Other more novel strategies exist that involve crops being engineered to produce molecules that protect against insect attack and these have often been successful. For example, some crop plants have been genetically engineered to produce Bt toxins, proteins from the soil-borne bacteria, Bacillus thuringiensis. These toxins cause damage to the gut of some insect pests and in turn, help to protect the crop. This has been widely used to protect crop yields against many insects such as protecting maize from the European corn borer.
Unfortunately, insects are developing resistance to some of these introduced toxins making this approach less effective and it is also not suitable to protect against all pests such as aphids which generally are not susceptible to the toxins. Furthermore, this kind of engineering often faces regulatory hurdles which limit the technology reaching the field.
While strategies continue to be developed and are enjoying some success, there remains an urgent need for more and, as many of these are effective against a limited set of pests, strategies which can tackle some of the more challenging pests like aphids.
For that, we need to improve our understanding of how pests and plants interact. We need to know; How do plants successfully launch a defence response against insects and how is it that some insects can overcome these defences and still attack the plant?
My work with Professor Saskia Hogenhout and Professor Dale Sanders attempts to answer these questions. We want to understand how plants launch defences against aphids and how some aphids can manipulate and overcome these defences to colonise the plant.
It appears aphids overcome plant defences by introducing proteins into the plants when they feed which limit the plants defence response and alter its biology such that the plant is susceptible to aphid colonisation.
Once we’ve established how these so-called effector proteins work, we will be able to identify or develop plants which are not affected by them, have better defences against the aphids and are therefore naturally more resistant.

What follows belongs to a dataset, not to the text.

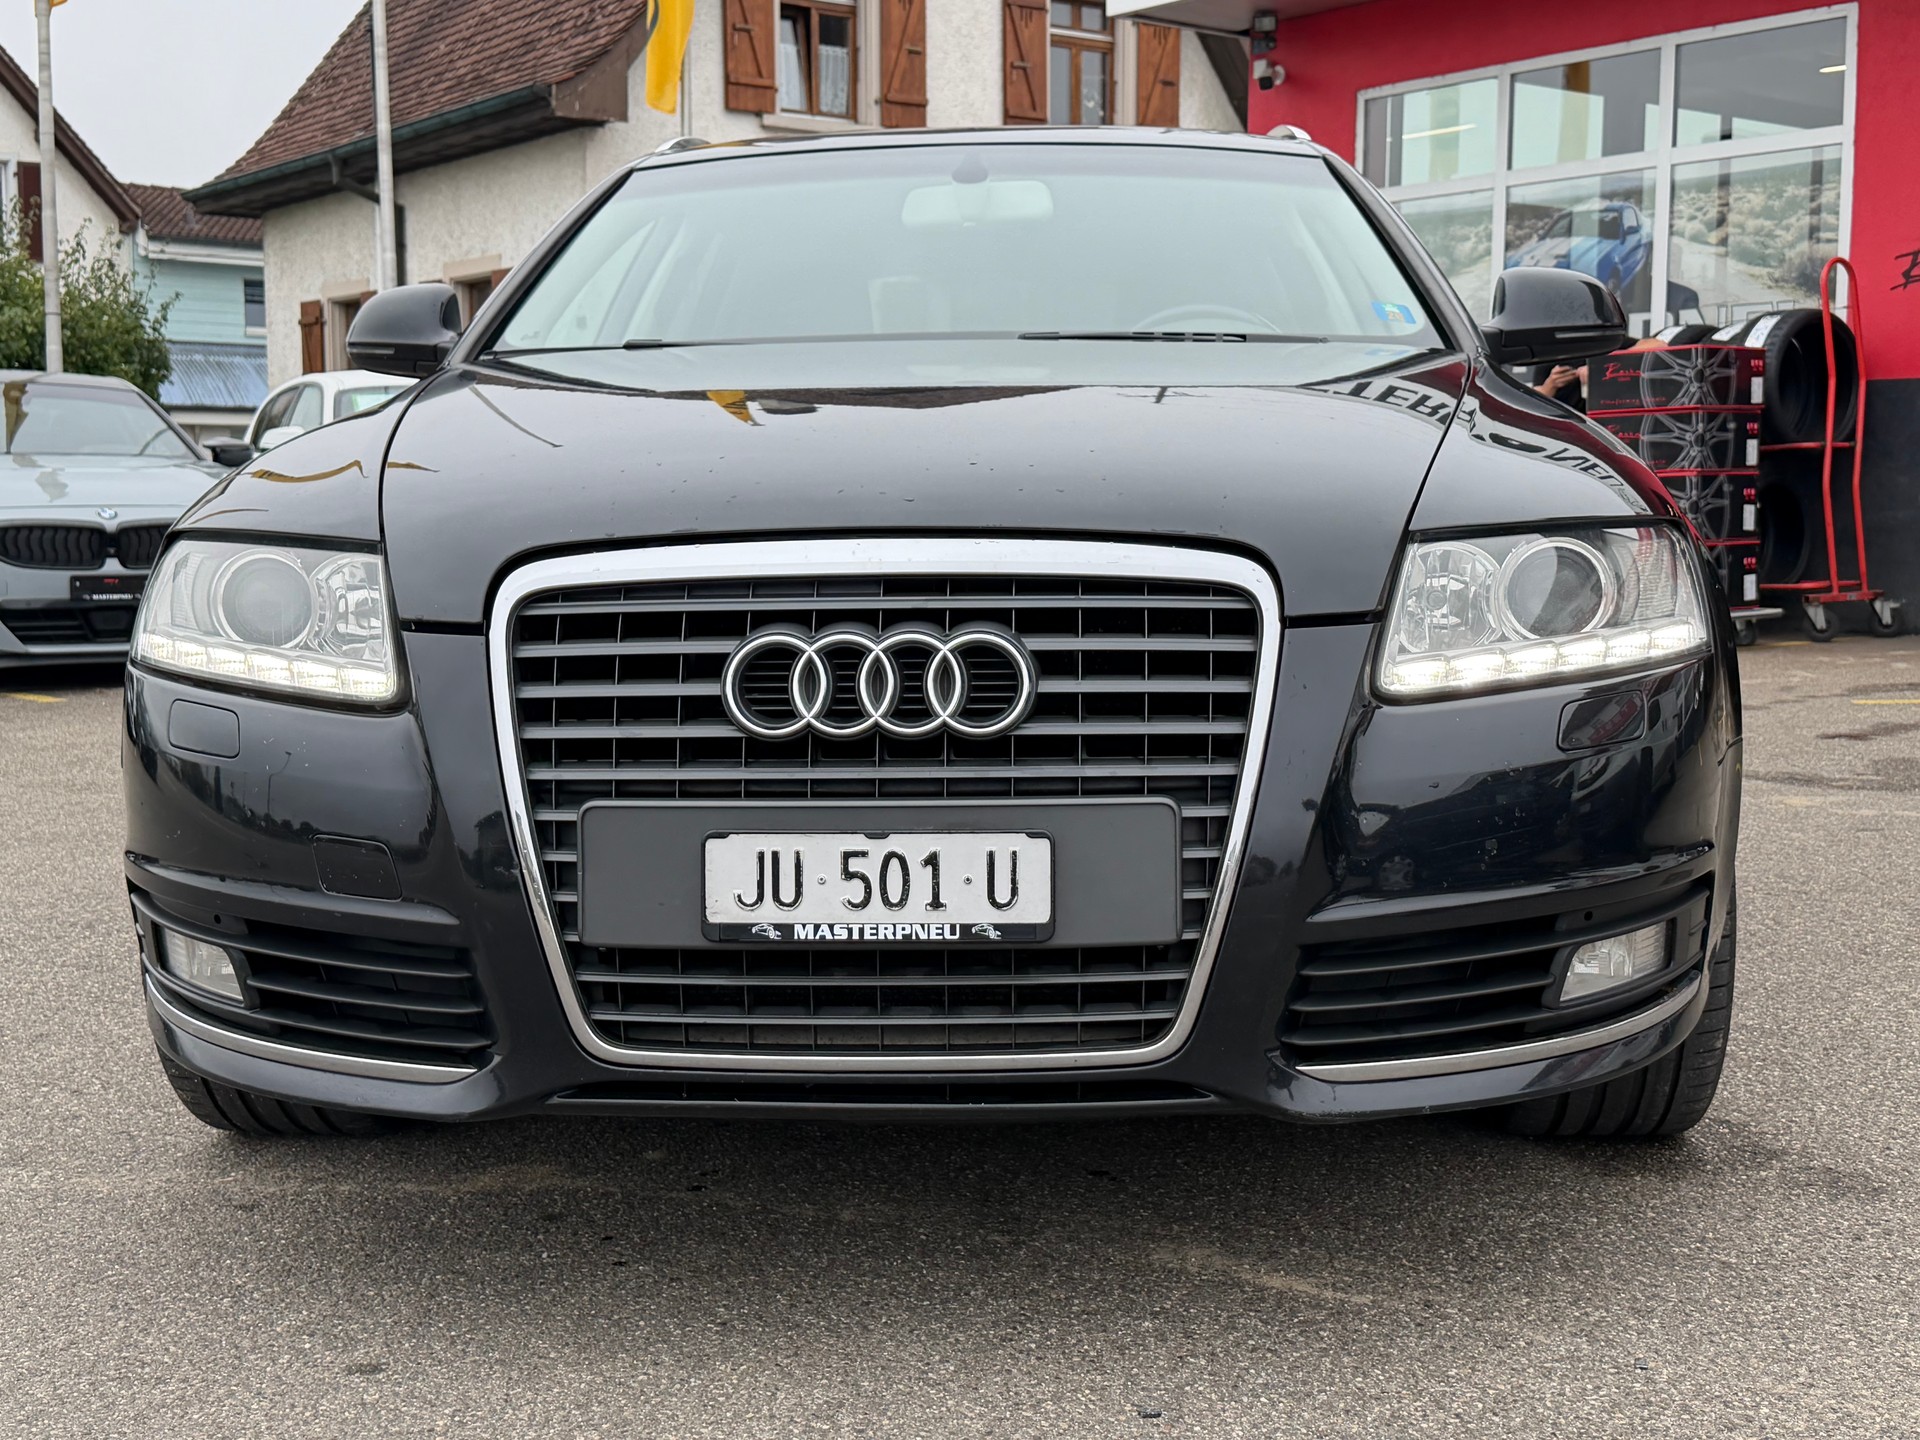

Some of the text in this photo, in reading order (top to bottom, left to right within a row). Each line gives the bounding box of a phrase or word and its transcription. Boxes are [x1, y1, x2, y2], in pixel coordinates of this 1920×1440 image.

[733, 848, 1019, 911] JU 501 U
[793, 923, 960, 940] MASTERPNEU

This would in-turn reduce the dependency on pesticides to protect plants against insects and would help reduce the effects of aphid pests on crop yields.
I always knew that I wanted to be working on something that had a positive impact on people’s lives and, even though I always enjoyed science growing up, I didn’t see myself staying in education and thought it would be more fun being outdoors or making things.

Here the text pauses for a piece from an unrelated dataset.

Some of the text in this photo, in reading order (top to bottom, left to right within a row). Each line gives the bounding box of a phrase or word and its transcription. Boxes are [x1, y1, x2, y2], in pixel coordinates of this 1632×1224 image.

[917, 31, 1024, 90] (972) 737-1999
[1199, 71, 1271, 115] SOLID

However, when I started to get involved in research and the problem solving that comes with it, I realised that I really enjoyed the challenge.
When I was at Durham University, I worked with some great plant scientists and attended the Gatsby Plant Science Summer School in 2016. It was during this time, I started to appreciate how important plants are throughout society, not only as they provide the food for our growing global population but also through their other benefits such as limiting climate change, producing pharmaceutical products and providing a home for many animals.
Through a couple of research projects and lucky breaks, I ended up really interested in how we can help ensure food security in the face of current global challenges and writing a Gatsby PhD project to explore how we can protect crop yields against pests for this.”
Josh’s PhD is funded by the Gatsby Charitable Foundation.